## DATA SECTION

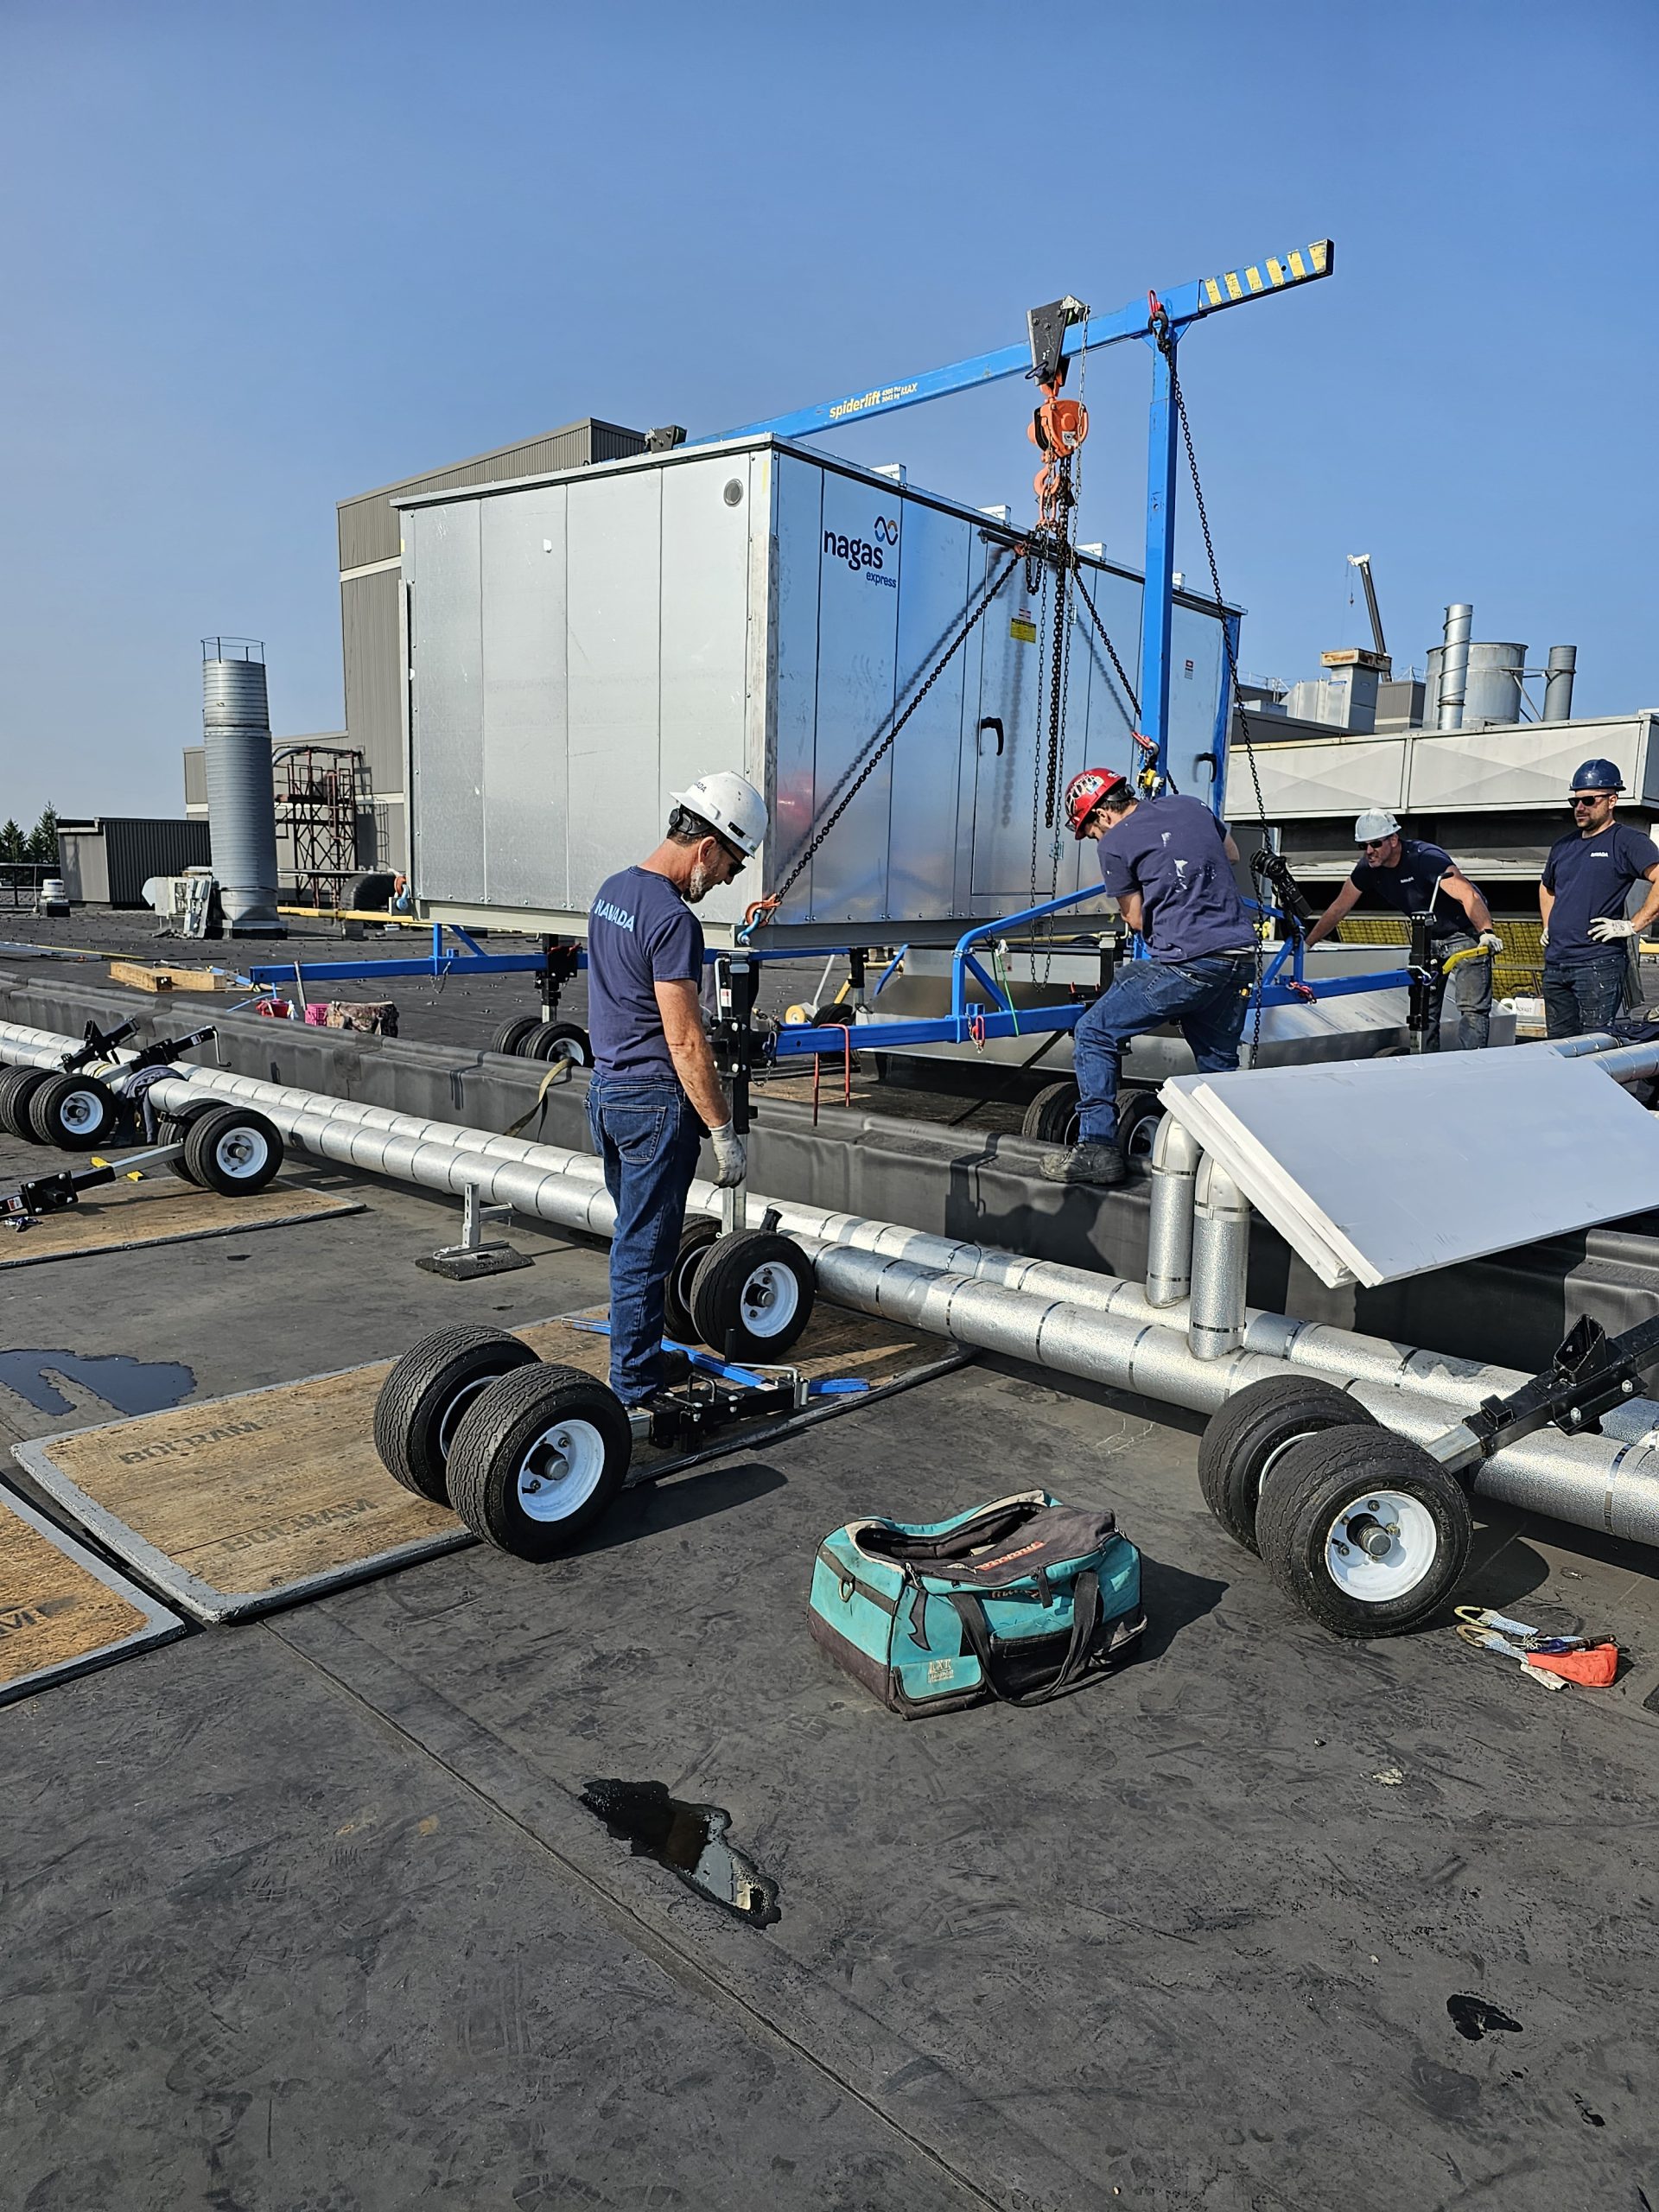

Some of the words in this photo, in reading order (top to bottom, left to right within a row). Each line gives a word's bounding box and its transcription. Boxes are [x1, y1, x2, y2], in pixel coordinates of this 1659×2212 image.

[900, 382, 918, 396] MAX
[830, 390, 881, 420] spiderlift
[823, 530, 883, 571] nagas
[866, 571, 897, 588] express
[594, 899, 635, 932] NAVADA
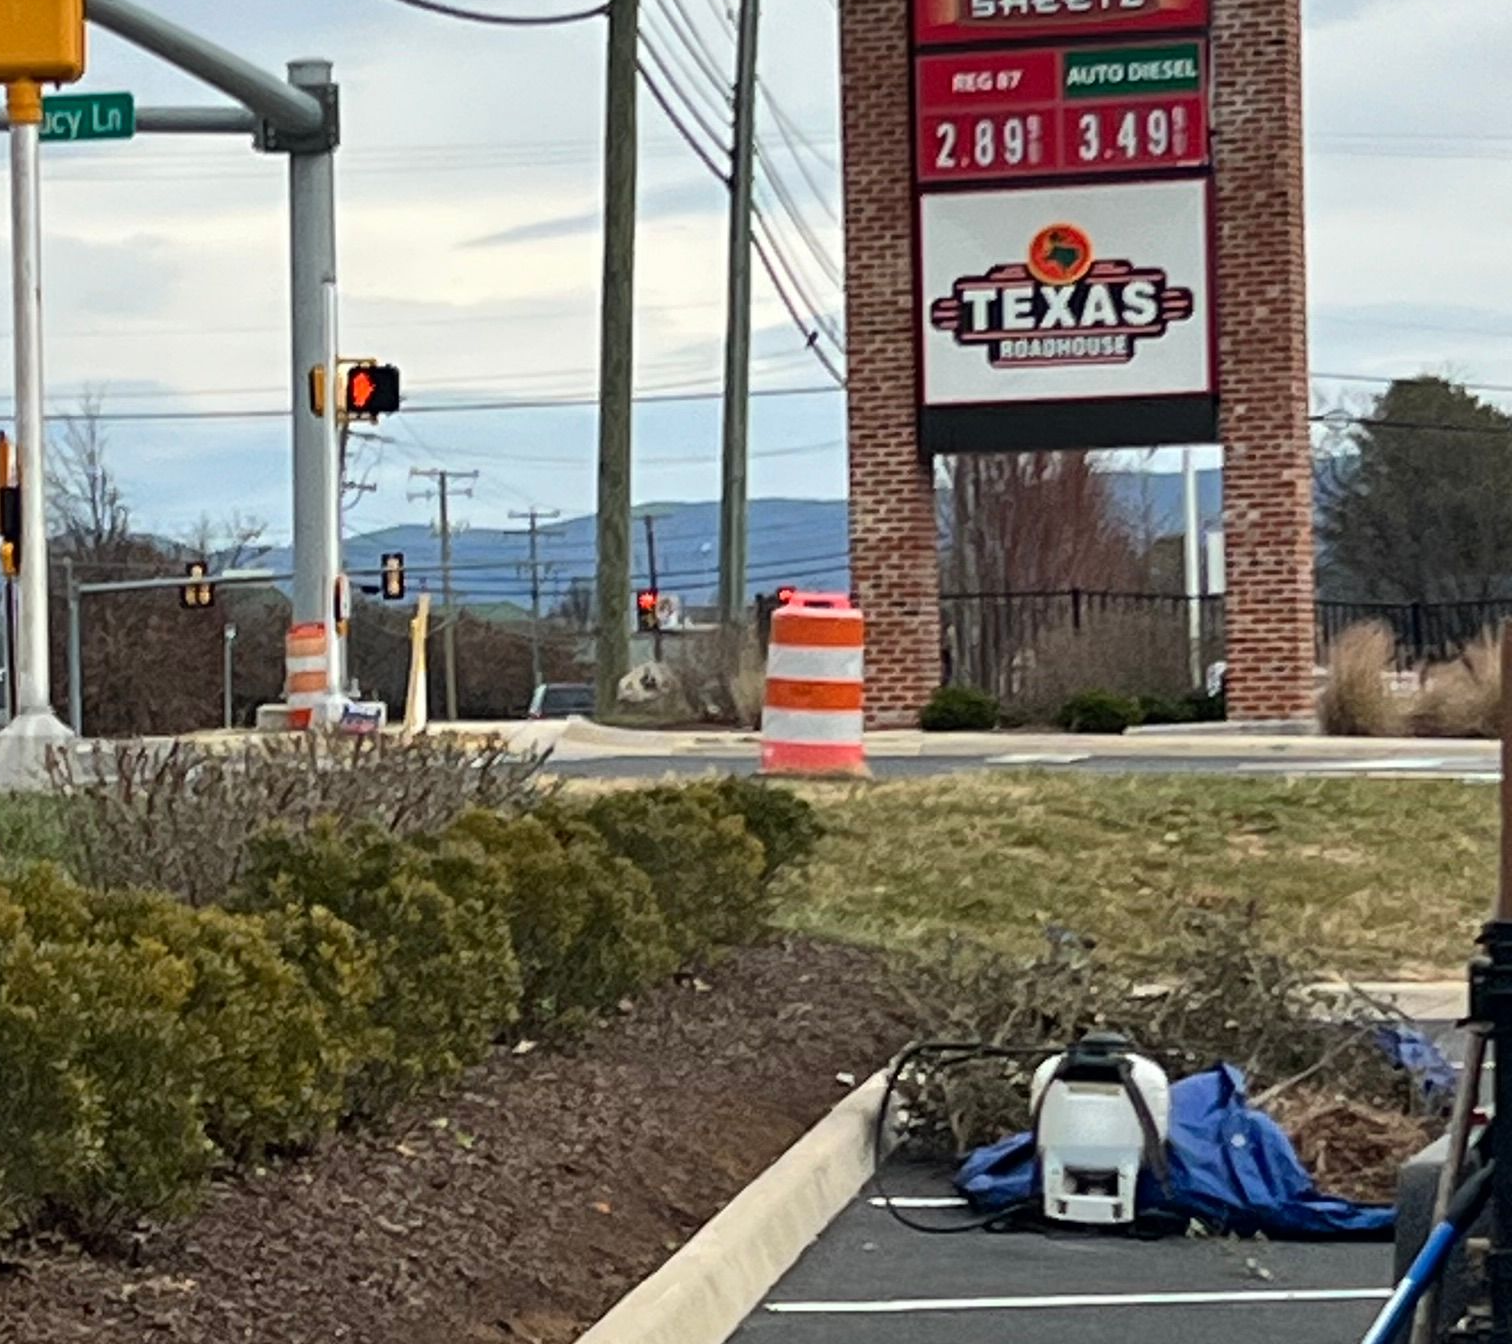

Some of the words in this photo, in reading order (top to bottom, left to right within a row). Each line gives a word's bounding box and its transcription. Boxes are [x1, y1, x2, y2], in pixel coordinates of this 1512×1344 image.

[952, 71, 993, 92] REG
[1066, 62, 1125, 86] AUTO
[1127, 58, 1197, 81] DIESEL
[92, 102, 121, 131] Ln
[961, 280, 1158, 331] TEXAS
[999, 334, 1127, 358] ROADHOUSE

## TASK DIRECTIONS
Give back, unchanged, the line containing "this 1512×1344 image." and each line that comes after it in the entries above, ending with the last.

## FINISHED TASK
Some of the words in this photo, in reading order (top to bottom, left to right within a row). Each line gives a word's bounding box and its transcription. Boxes are [x1, y1, x2, y2], in pixel coordinates of this 1512×1344 image.

[952, 71, 993, 92] REG
[1066, 62, 1125, 86] AUTO
[1127, 58, 1197, 81] DIESEL
[92, 102, 121, 131] Ln
[961, 280, 1158, 331] TEXAS
[999, 334, 1127, 358] ROADHOUSE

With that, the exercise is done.